Given information —
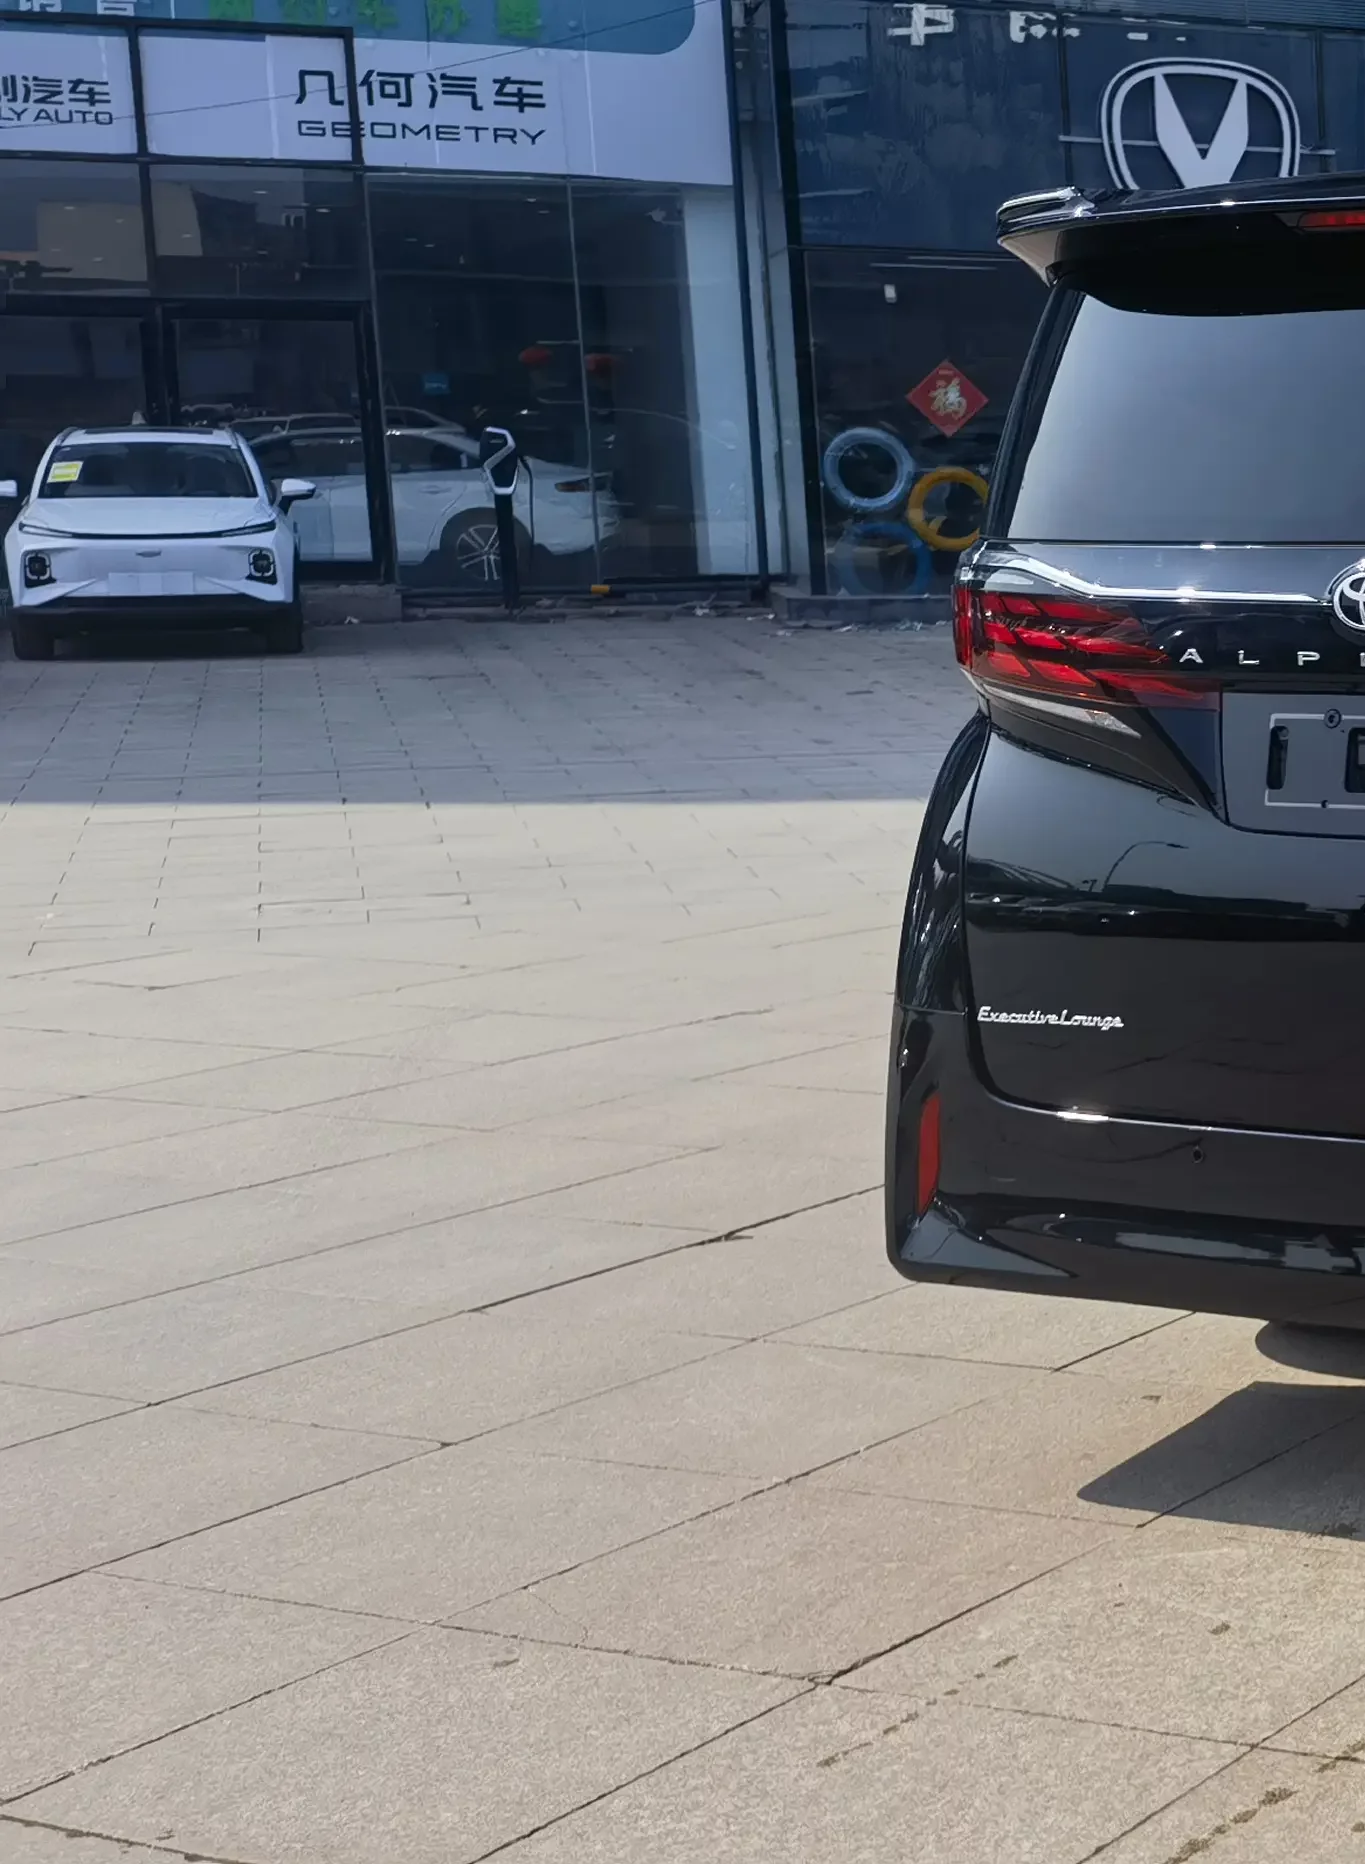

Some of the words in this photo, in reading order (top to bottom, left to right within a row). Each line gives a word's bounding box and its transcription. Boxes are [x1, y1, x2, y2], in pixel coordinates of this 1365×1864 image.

[295, 69, 547, 113] 几何汽车
[34, 108, 113, 125] AUTO
[297, 120, 547, 146] GEOMETRY
[928, 377, 967, 420] 福
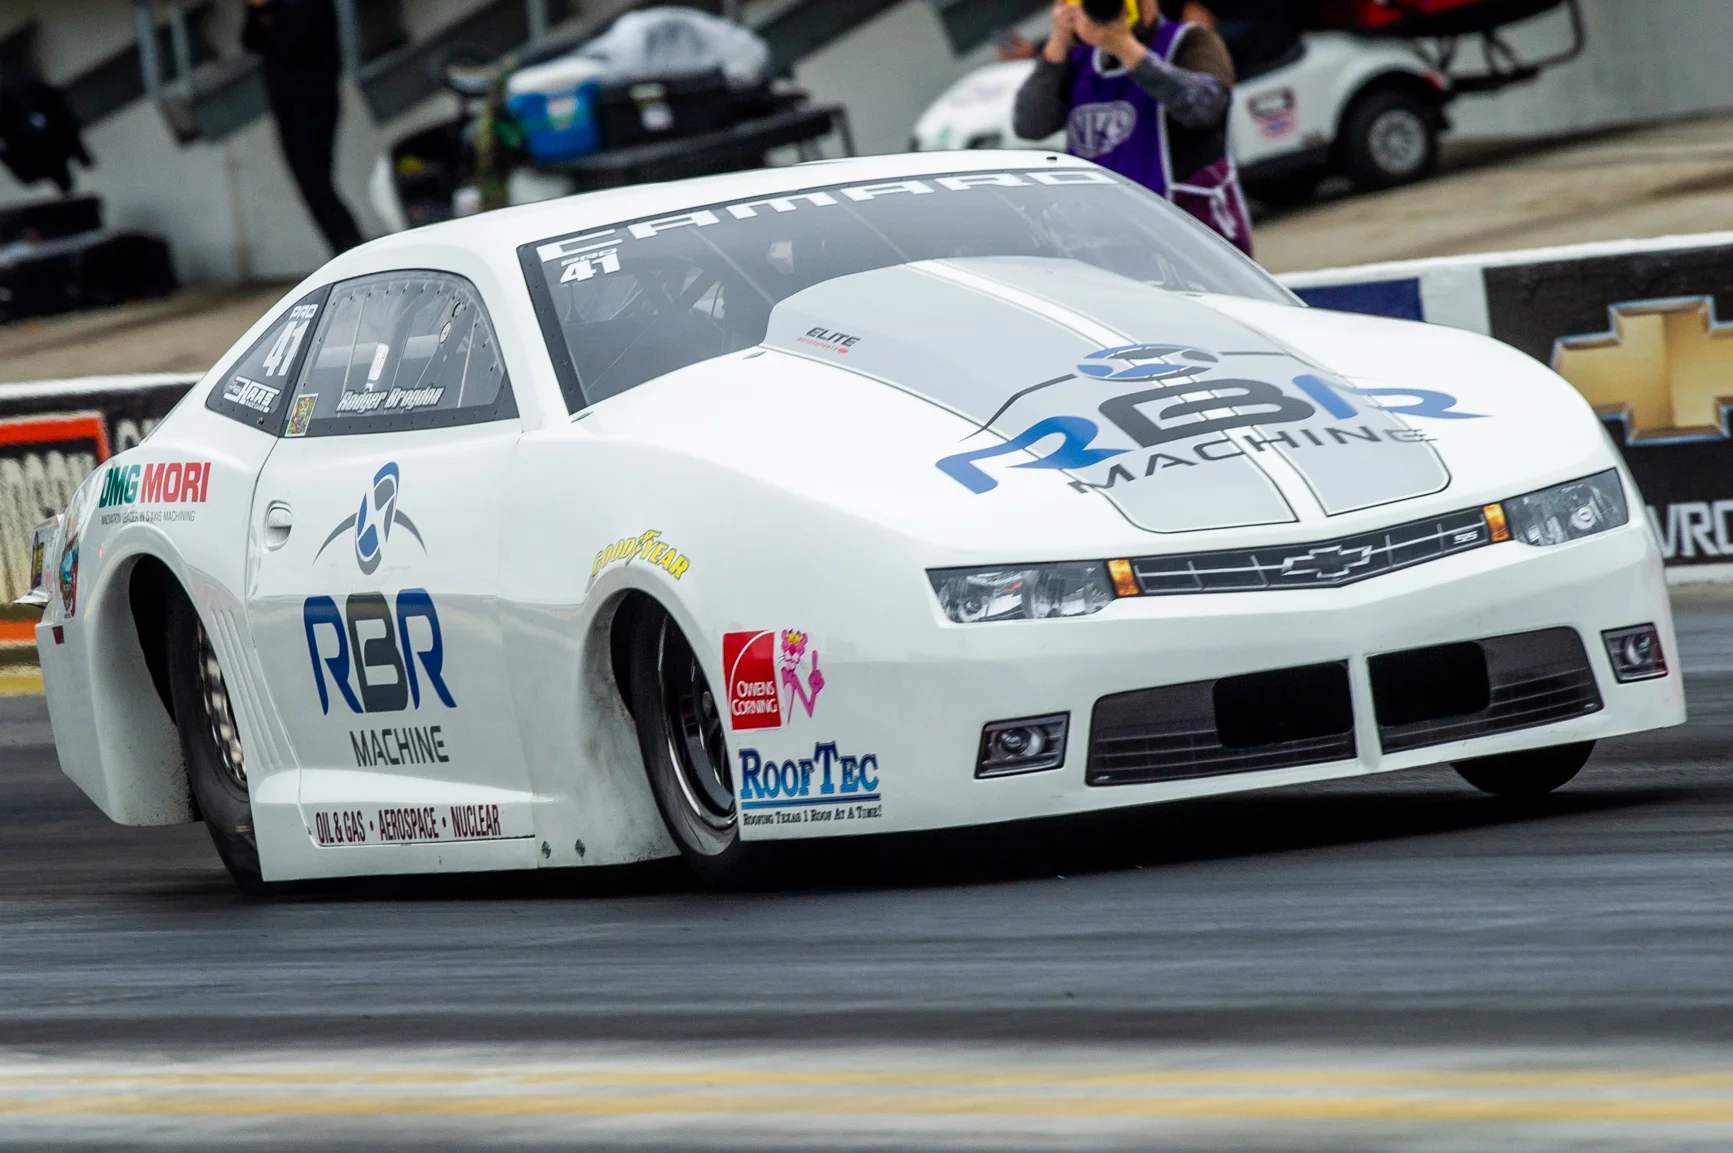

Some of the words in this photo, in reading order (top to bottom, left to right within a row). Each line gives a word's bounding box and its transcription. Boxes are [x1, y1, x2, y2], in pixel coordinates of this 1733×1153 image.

[536, 171, 1119, 262] CAMARO
[560, 252, 620, 284] 41
[288, 304, 319, 321] PRO
[262, 320, 311, 377] 41
[806, 327, 861, 347] ELITE
[336, 389, 388, 414] Rodger
[383, 383, 445, 411] Brogdon
[936, 374, 1494, 494] RBR
[1067, 426, 1438, 494] MACHINE
[98, 464, 141, 508] DMG
[140, 462, 211, 503] MORI
[163, 510, 196, 522] MACHINING
[592, 529, 690, 580] GOODYEAR
[1453, 530, 1478, 544] SS
[303, 588, 457, 716] RBR
[737, 680, 776, 698] OWENS
[731, 698, 778, 716] CORNING
[349, 725, 450, 767] MACHINE
[343, 810, 366, 842] GAS
[378, 807, 440, 841] AEROSPACE
[450, 804, 502, 838] NUCLEAR
[743, 812, 774, 826] ROOFING
[775, 811, 802, 824] TEXAS
[803, 809, 810, 822] 1
[811, 809, 832, 822] ROOF
[834, 808, 846, 820] AT
[847, 807, 854, 819] A
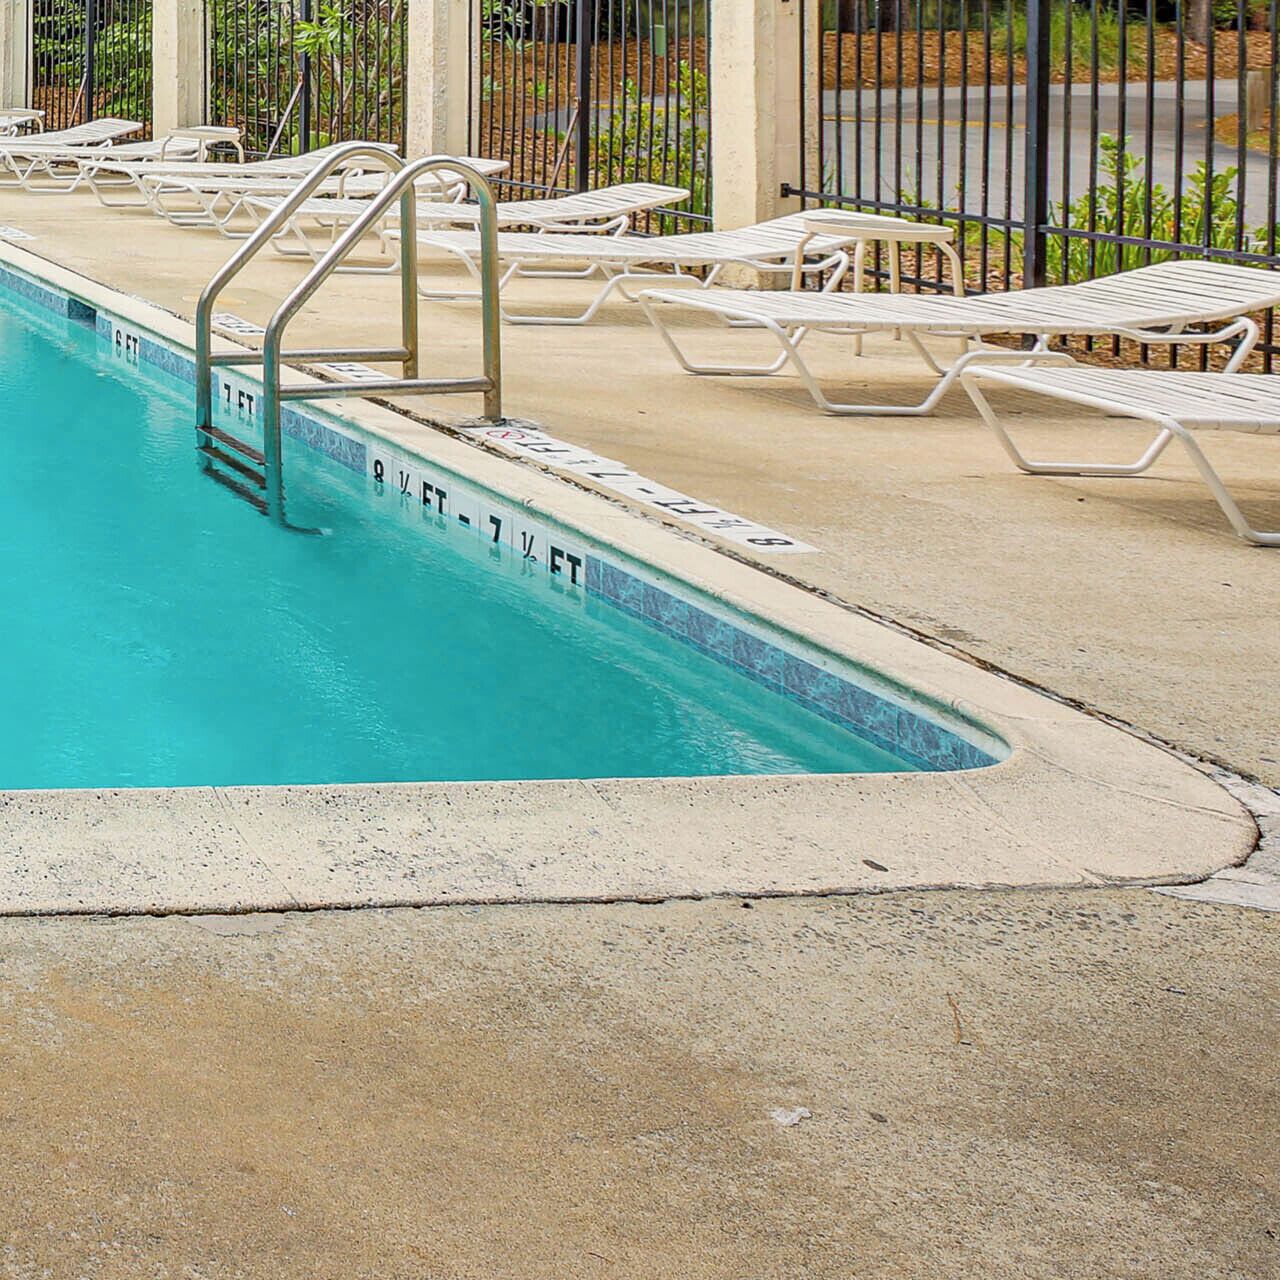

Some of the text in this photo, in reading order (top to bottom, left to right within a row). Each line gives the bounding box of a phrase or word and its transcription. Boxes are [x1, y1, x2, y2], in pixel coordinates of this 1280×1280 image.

[126, 334, 138, 355] FT
[224, 383, 254, 415] 7 FT
[654, 499, 718, 515] FT
[373, 459, 384, 483] 8
[422, 480, 448, 515] FT
[489, 514, 502, 543] 7
[550, 545, 582, 585] FT
[745, 537, 795, 547] 8

What you are asked to do — From the line that contains "Some of the text" down to the last line of the material above, copy every line word for word, both ends included.

Written solution —
Some of the text in this photo, in reading order (top to bottom, left to right within a row). Each line gives the bounding box of a phrase or word and its transcription. Boxes are [x1, y1, x2, y2], in pixel coordinates of this 1280×1280 image.

[126, 334, 138, 355] FT
[224, 383, 254, 415] 7 FT
[654, 499, 718, 515] FT
[373, 459, 384, 483] 8
[422, 480, 448, 515] FT
[489, 514, 502, 543] 7
[550, 545, 582, 585] FT
[745, 537, 795, 547] 8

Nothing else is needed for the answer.